(Dataset entries)
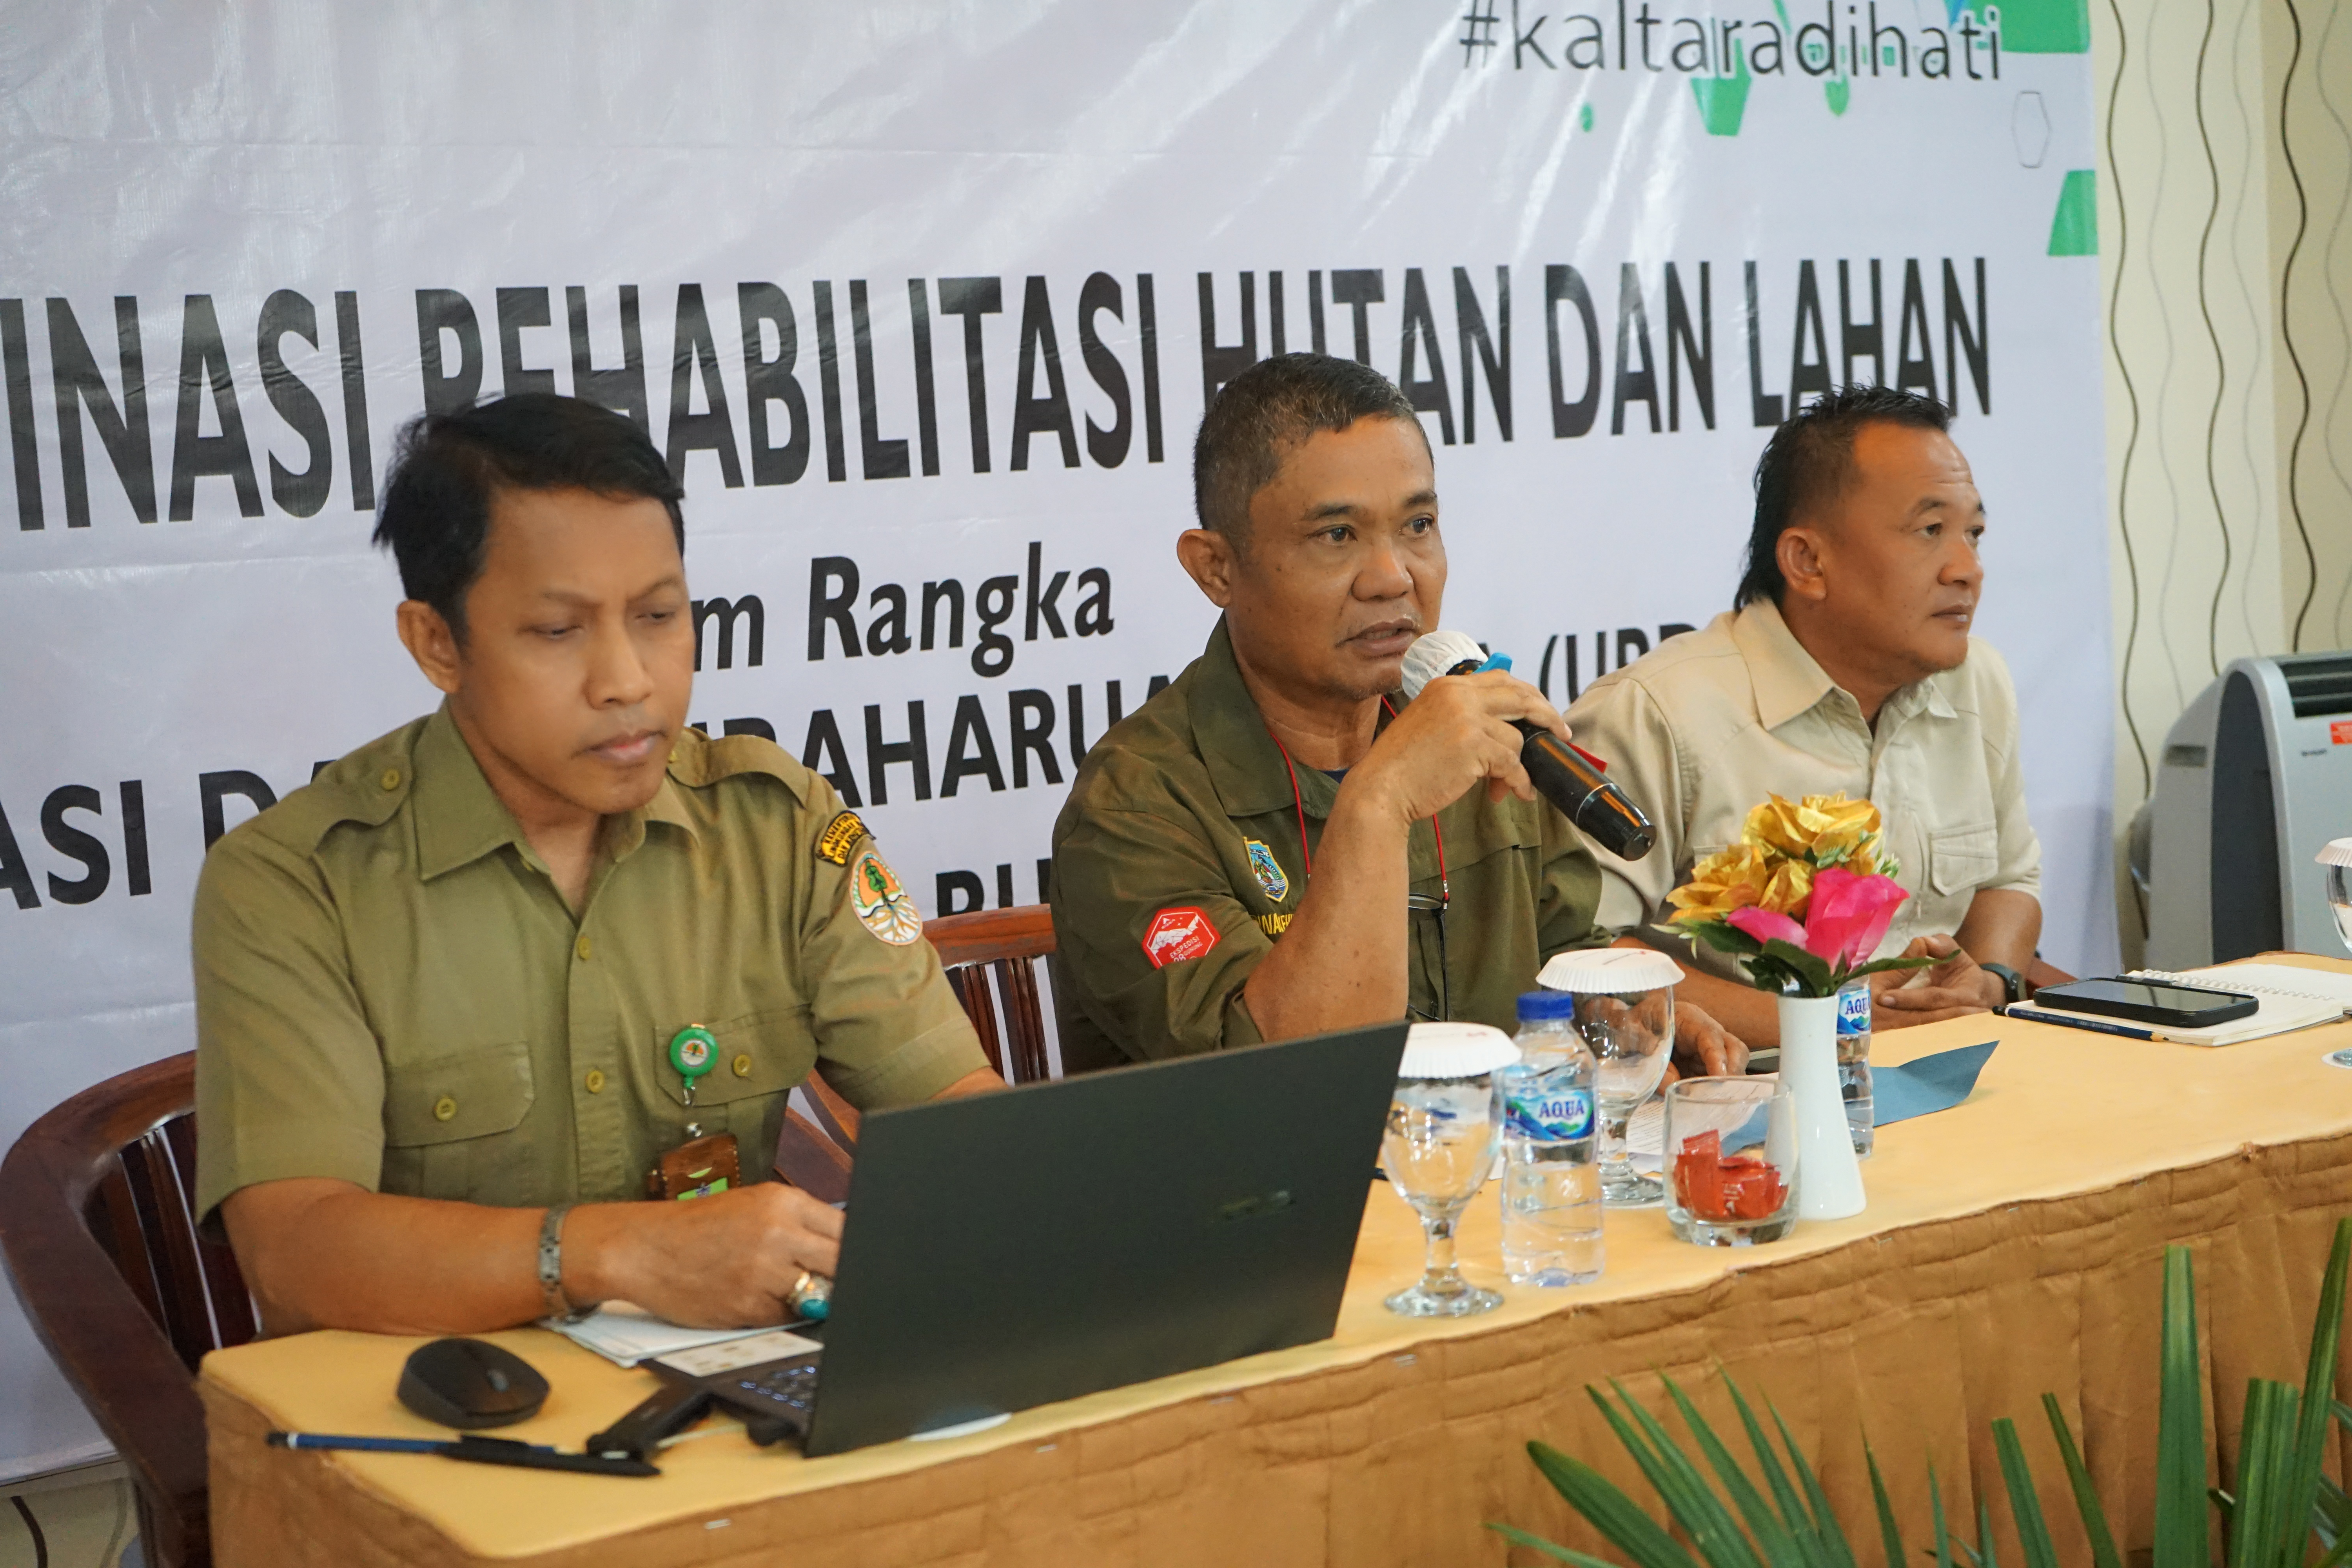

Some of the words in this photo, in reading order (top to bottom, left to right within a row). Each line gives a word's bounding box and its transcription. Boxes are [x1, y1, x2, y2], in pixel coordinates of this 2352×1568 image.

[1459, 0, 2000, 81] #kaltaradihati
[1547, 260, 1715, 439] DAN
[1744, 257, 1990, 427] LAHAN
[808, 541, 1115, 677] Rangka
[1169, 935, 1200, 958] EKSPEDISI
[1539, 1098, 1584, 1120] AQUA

Work to be completed: Drop the pictures and give every line above again exactly.

Solution to the problem:
Some of the words in this photo, in reading order (top to bottom, left to right within a row). Each line gives a word's bounding box and its transcription. Boxes are [x1, y1, x2, y2], in pixel coordinates of this 2352×1568 image.

[1459, 0, 2000, 81] #kaltaradihati
[1547, 260, 1715, 439] DAN
[1744, 257, 1990, 427] LAHAN
[808, 541, 1115, 677] Rangka
[1169, 935, 1200, 958] EKSPEDISI
[1539, 1098, 1584, 1120] AQUA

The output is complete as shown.